I dream myself inside a pen at the edge of a scrapyard. I dream the scrapyard has a view of the woods and the view’s divided into a hundred tiny compartments with each surrounded by a frame of galvanised steel. I dream I’m gazing through the grating, keeping watch on the woods. I see rabbits at dawn, leaves at all different stages of falling, power-lines bending in the wind, rookeries against the moon. Now I dream myself into the woods and I’m running, running, running. I’ve forgotten every part of myself and all the parts of my surroundings except for my maggot nose. I’ve forgotten the cheeps and chitters overhead, the braying of my fellow diggers. I’ve forgotten the details of the forest floor, the splintered twigs and smithered bark streaming beneath my feet, clinging to the fur of my ankles. Now I’m so far from the scrapyard pen I’ve forgotten the rabbits and leaves and power-lines and rookeries; they melt behind me as I run. In the woods, in my dream, I’m strong as a boar and quick as a buzzard. I’m ten foot tall yet scarcely as high as the shrubbery.

Before I fumbled the library book back, I glanced at the glossy middle pages, at the photographs. There were three. The first showed a badger yanked between two different pairs of teeth with blood trickling through the lesions in its pelt. The second showed a sett which had subsided with the digger still inside. One of his back legs was sticking up from the earth like a tiny totem. And the third showed a photograph of you, only a you with both of its eyes. A breed calculated into existence , the caption said, for its exceptional obduracy.
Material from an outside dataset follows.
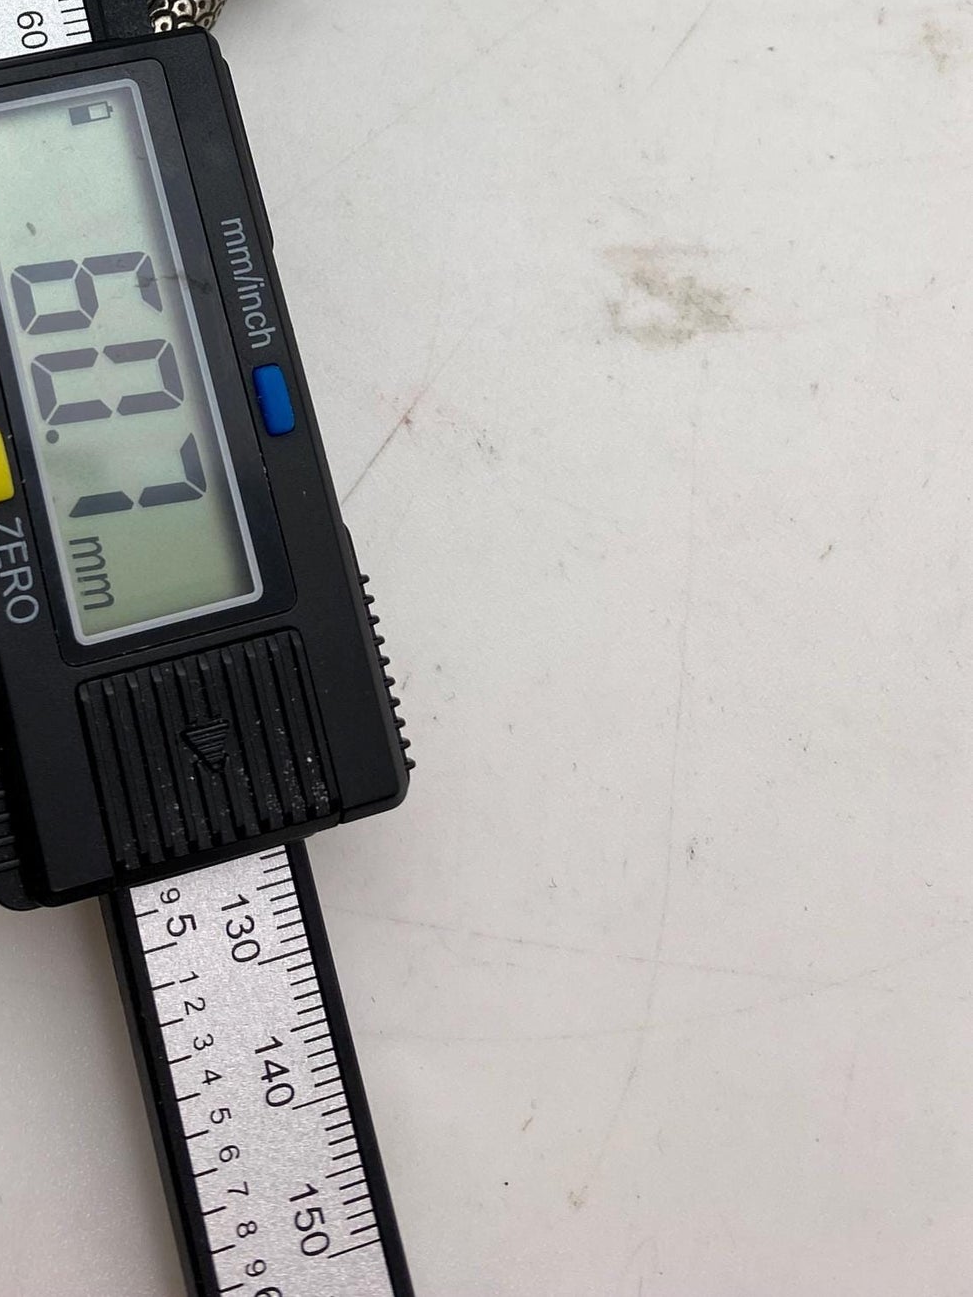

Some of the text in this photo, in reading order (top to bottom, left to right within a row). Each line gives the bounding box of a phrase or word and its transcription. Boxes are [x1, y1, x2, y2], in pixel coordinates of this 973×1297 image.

[17, 11, 48, 49] 60
[221, 218, 275, 348] mm/inch
[160, 888, 267, 1277] 9 5 1 2 3 4 5 6 7 8 9
[221, 894, 330, 1256] 130 140 150
I wake up again. I switch on the television. It’s still cold enough to warrant the nightly lighting of the gas heater, and so I light it. You get up from the window and settle yourself directly in front of the glowing bars. You lean in to stare at them, you hardly move. What are you thinking? Now you sigh so hard from the pit of your lungs that it triggers an attack of the hiccups.

Sometimes I see the sadness in you, the same sadness that’s in me. It’s in the way you sigh and stare and hang your head. It’s in the way you never wholly let your guard down and take the world I’ve given you for granted. My sadness isn’t a way I feel but a thing trapped inside the walls of my flesh, like a smog. It takes the sheen off everything. It rolls the world in soot. It saps the power from my limbs and presses my back into a stoop.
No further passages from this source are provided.